The practical reason is just as plain. I sell security and intelligence systems to people who run due diligence for a living. For them, this site is the due diligence — the proof that the person behind the architecture exists, ships, and means what he writes. You can't fake that with a logo and a stock photo. You earn it one signed, checkable post at a time, and the archive becomes the argument.
What I actually do for the people who hire me
Underneath the range, the offer is narrow and concrete.
I architect and build systems other people depend on, and I can do it end to end — strategy, architecture, the code itself, and the commercial logic that decides whether any of it was worth building. Sometimes that's a fractional architect's seat inside a founder's company, where I'm the technical conscience and the systems mind they can't yet hire full-time. Sometimes it's a single platform built and handed over, running on infrastructure they own. Sometimes it's the content engine this site runs on, deployed under a client's brand so their product can publish its own work and own the audience it earns.
What I don't do is consult in the abstract. I ship. The receipts are on this domain — the engine, the launched platforms, the case studies. Read them; they argue better than I can.
The clients who get the most out of working with me tend to share one trait: they've already learned that the expensive failures aren't coding failures, they're architecture and judgment failures — the feature built before anyone asked the question it answers, the platform dependency that becomes a hostage situation two years in, the system that works in the demo and falls apart under a real adversary. That's the layer I'm useful at. Anyone can be hired to write code. Fewer can tell you, before you've spent the budget, which of the three obvious approaches will still be standing when the load and the attackers and the edge cases arrive — and then build the one that will. I've made enough of those calls, across enough domains, with my own money and other people's on the line, to have a method instead of an opinion.
Where this goes
I spent a decade moving fast across countries and roles, reading the structural shifts early and pivoting before I had to. That phase is closing. What I'm doing now is consolidation — turning the mesh into things that compound, and turning the method into something other operators can run, so the leverage isn't trapped in one pair of hands.
If you build serious systems, or you need someone who can, you're in the right place.

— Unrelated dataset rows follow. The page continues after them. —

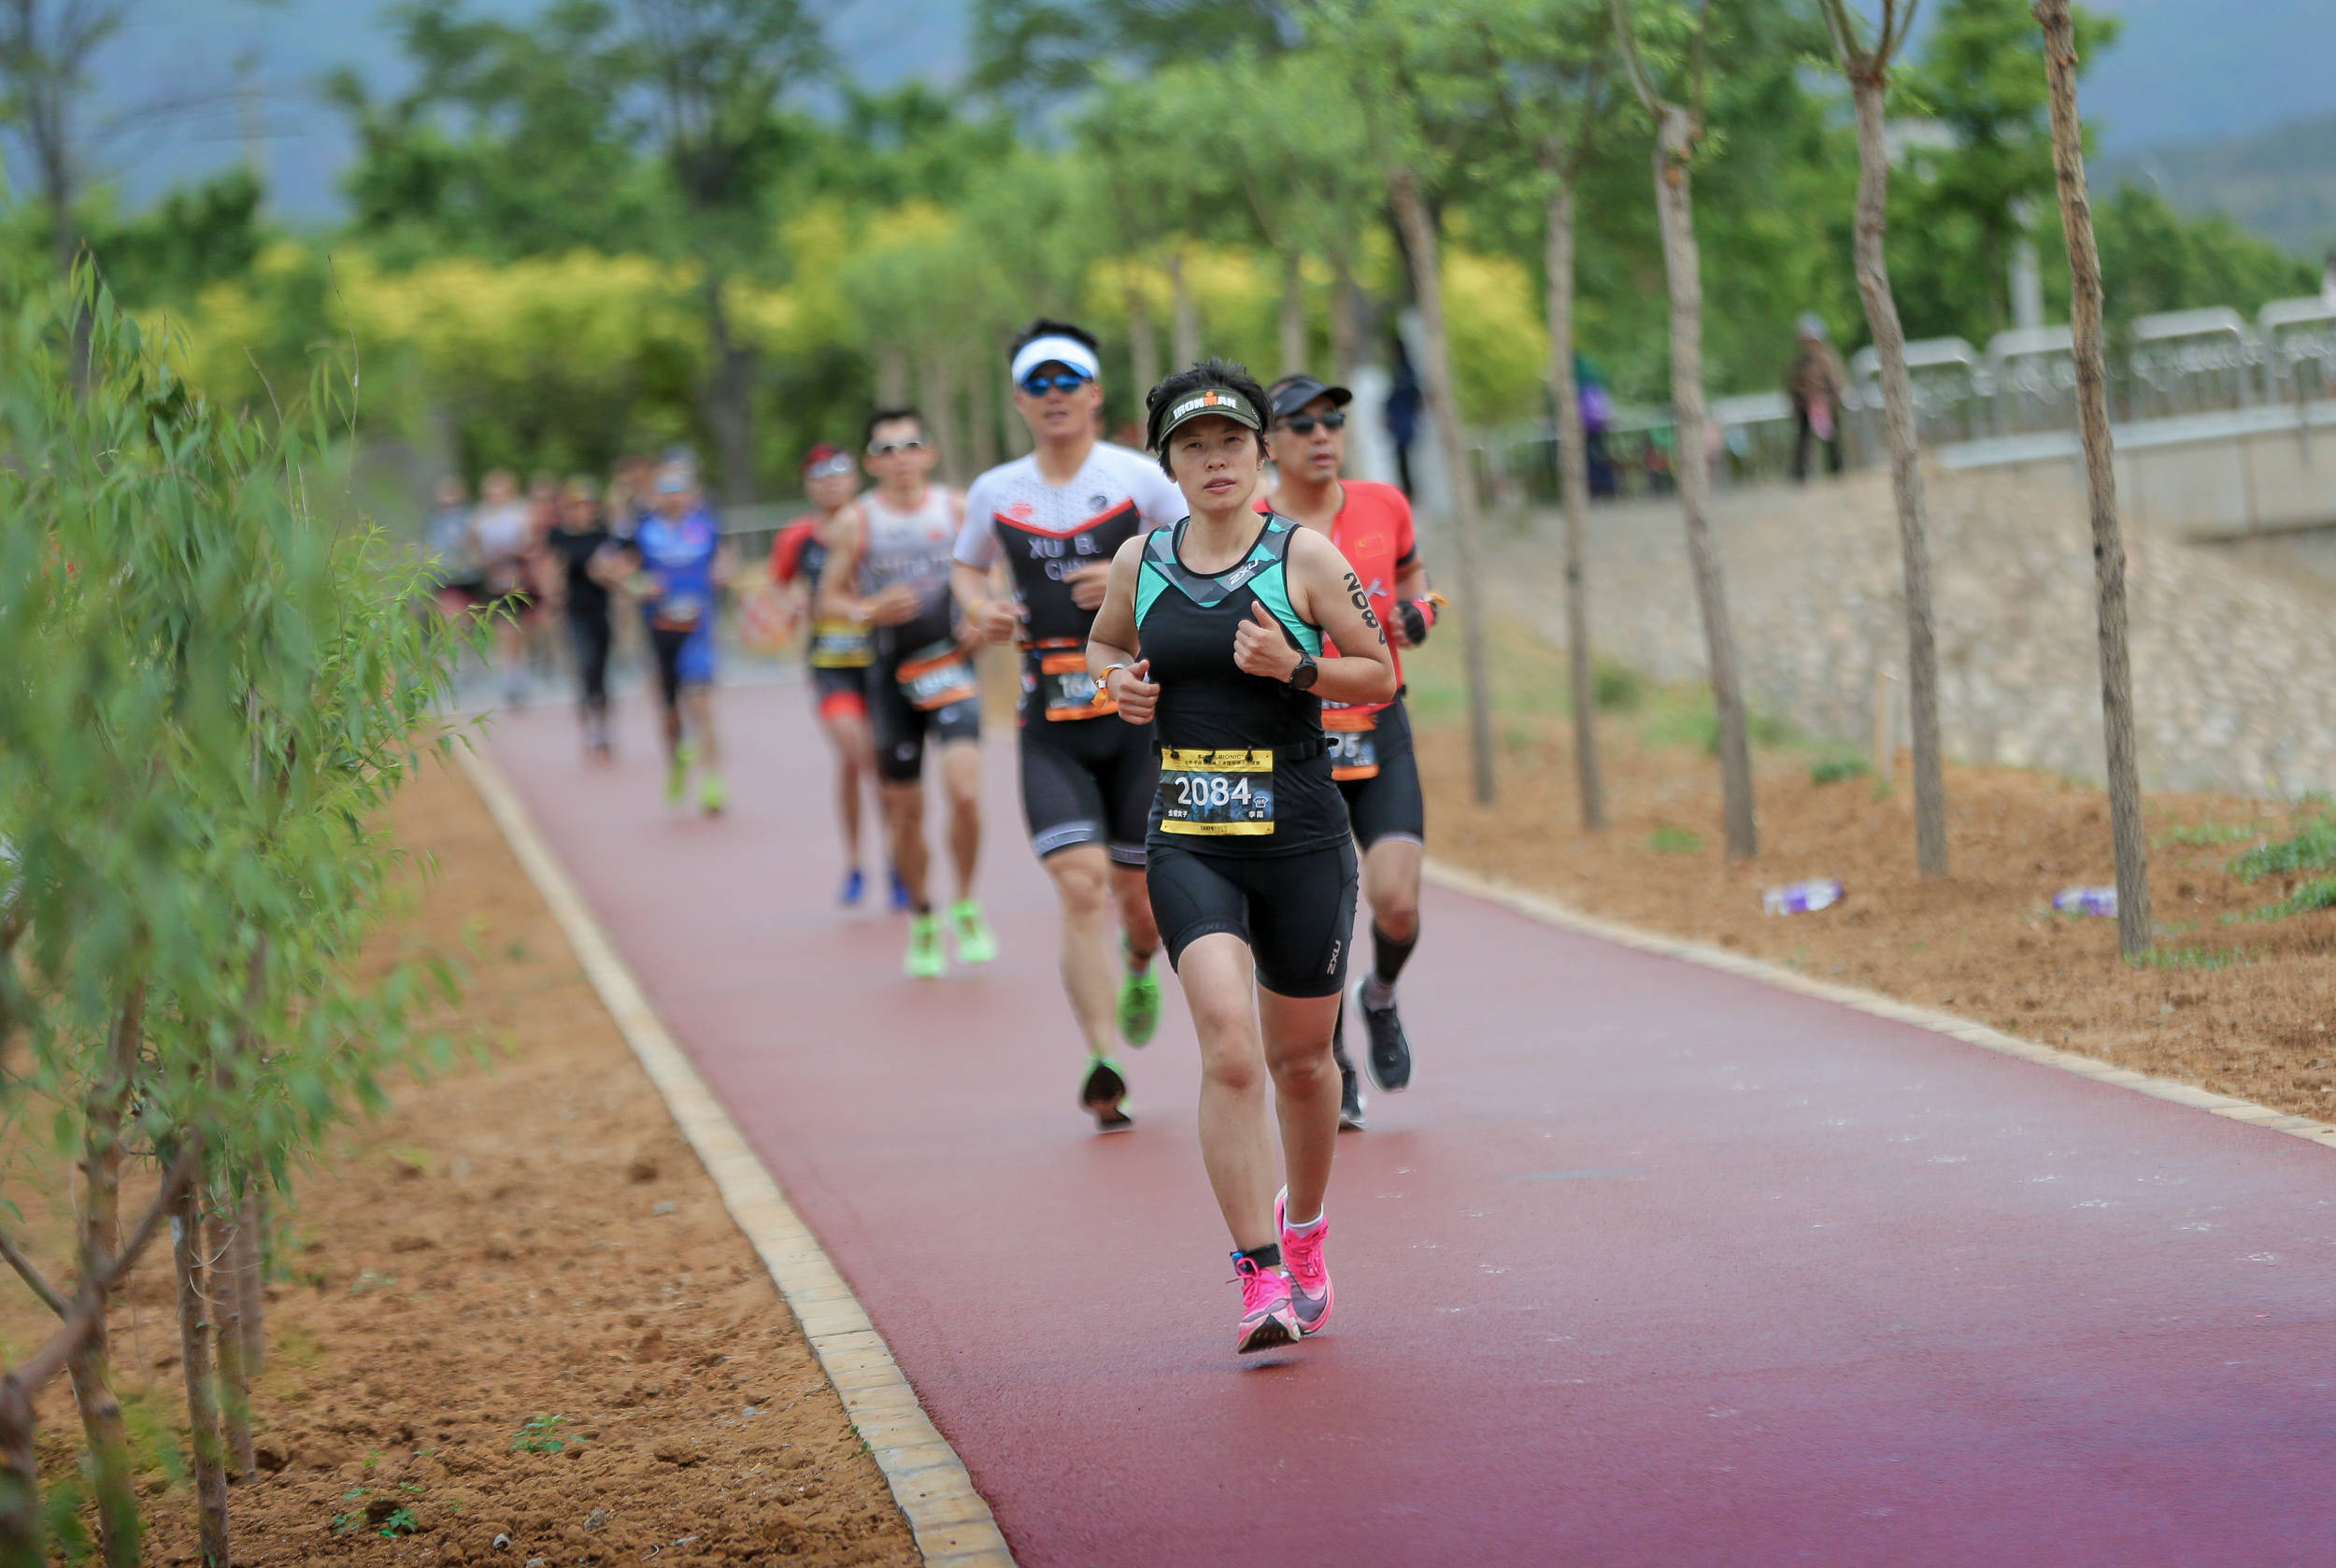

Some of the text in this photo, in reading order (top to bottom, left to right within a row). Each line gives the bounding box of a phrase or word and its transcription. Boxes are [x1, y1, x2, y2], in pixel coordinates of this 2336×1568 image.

[1173, 390, 1237, 420] IRONMAN
[1027, 536, 1065, 559] XU
[1229, 558, 1259, 585] 2XU
[1175, 777, 1252, 806] 2084
[1326, 939, 1341, 976] 2XU

Look through the work first — that's the order I'd want it in too. Then, if there's a fit, you know where to find me, and you'll know exactly who you're talking to, because I've already shown you.

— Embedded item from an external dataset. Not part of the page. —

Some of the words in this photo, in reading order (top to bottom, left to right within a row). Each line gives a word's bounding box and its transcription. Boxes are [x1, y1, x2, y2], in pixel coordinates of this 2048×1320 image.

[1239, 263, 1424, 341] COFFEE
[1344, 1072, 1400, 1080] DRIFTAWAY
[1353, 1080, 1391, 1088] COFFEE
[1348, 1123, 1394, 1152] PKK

The next post is the most satisfying one to write: four platforms I just put into the world.
Summary
Who builds this: seventy-two projects, roughly 615,000 lines of code, four live platforms, eight commercial languages — and one method underneath all of it.
One Integrated Mind. Engineer, operator, strategist-psychologist, and adversarial thinker run as a single instrument, not separate departments — and the synthesis is the actual offer.
Compounding Range. Coaching, funnels, aviation, Web3, and security each layered one skill onto the same instrument: read systems and people early, act before consensus.
The Method. Architecture documents before code, test-first builds in Docker, one six-command lifecycle — which is why seventy-two projects aren't seventy-two messes.
Trained, Not Improvised. Therapist-grade certifications, two documented pre-event exits, and passing test suites back the claims — a method, not a gift.
A Real Name. Every post is signed and defensible; for buyers who run due diligence for a living, the archive itself is the proof.